Find out more and get a copyA movie with neither a recognisable genre nor a readymade demographic, Southland Tales struggled to find a distributor and, opening in a new version 18 months later, failed once more. A 2008 “explanatory” DVD didn’t do much to rehabilitate the film either.
As I recall, French critics at Cannes hated Southland Tales even more than their American colleagues, yet the French have a term for such movies: film maudit – a ‘damned’, ‘unlucky’, or ‘ill-favoured’ movie. Cursed with an unhappy destiny, a film maudit may have been ripped untimely from its director’s womb or mutilated by vengeful producers, it is often buried on release and always reviled by critics. Such a film is inevitably ruinous at the box office, at times a fiasco so absolute that it begs to be championed – although not if it is a hyped-up super-production like Joseph Mankiewicz’s 1964 boondoggle Cleopatra.

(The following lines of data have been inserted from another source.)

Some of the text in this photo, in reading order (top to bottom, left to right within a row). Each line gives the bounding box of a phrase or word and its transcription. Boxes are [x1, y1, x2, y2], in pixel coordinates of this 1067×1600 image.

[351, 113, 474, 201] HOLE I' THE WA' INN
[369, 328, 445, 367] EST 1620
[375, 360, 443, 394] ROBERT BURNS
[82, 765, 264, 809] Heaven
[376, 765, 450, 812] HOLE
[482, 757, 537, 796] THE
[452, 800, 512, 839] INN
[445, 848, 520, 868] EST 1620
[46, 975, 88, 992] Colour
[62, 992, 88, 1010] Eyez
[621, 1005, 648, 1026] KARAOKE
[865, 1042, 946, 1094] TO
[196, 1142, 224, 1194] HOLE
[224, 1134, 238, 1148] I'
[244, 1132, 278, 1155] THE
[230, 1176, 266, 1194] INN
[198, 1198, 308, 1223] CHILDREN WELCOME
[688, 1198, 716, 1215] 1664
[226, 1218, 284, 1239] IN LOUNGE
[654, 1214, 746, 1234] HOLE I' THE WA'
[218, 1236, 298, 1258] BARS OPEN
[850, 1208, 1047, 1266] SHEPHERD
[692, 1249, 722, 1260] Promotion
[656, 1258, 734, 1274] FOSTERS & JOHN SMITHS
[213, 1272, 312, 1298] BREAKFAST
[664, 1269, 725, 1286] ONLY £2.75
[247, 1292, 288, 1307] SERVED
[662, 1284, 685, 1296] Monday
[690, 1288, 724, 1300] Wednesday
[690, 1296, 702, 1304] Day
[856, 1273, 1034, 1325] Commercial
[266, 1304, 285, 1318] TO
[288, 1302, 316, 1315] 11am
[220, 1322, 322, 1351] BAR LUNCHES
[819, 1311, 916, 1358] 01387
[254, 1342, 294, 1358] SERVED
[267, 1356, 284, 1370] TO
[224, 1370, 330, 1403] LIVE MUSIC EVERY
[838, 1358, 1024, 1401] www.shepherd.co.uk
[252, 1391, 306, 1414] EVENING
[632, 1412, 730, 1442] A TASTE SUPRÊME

A film maudit is not necessarily a bad movie even if some, like Orson Welles’s The Lady from Shanghai (1947), were initially so considered. Nor is a film maudit a cult movie although, like The Rocky Horror Picture Show (1975), it may attract a cult and is thus maudit no more. Films – Barbara Loden’s Wanda (1970) and Charles Burnett’s Killer of Sheep (1977), for example – suffering all manner of indignities before being hailed as national treasures are rehabilitated films maudits. Similarly, a film maudit like Erich von Stroheim’s Greed (1923) forfeits maudit status once it becomes a cause célèbre. A film maudit is not just a titanic flop like Tom Hooper’s ridiculous Cats (2019), it’s a bomb that a vocal minority hails as a masterpiece.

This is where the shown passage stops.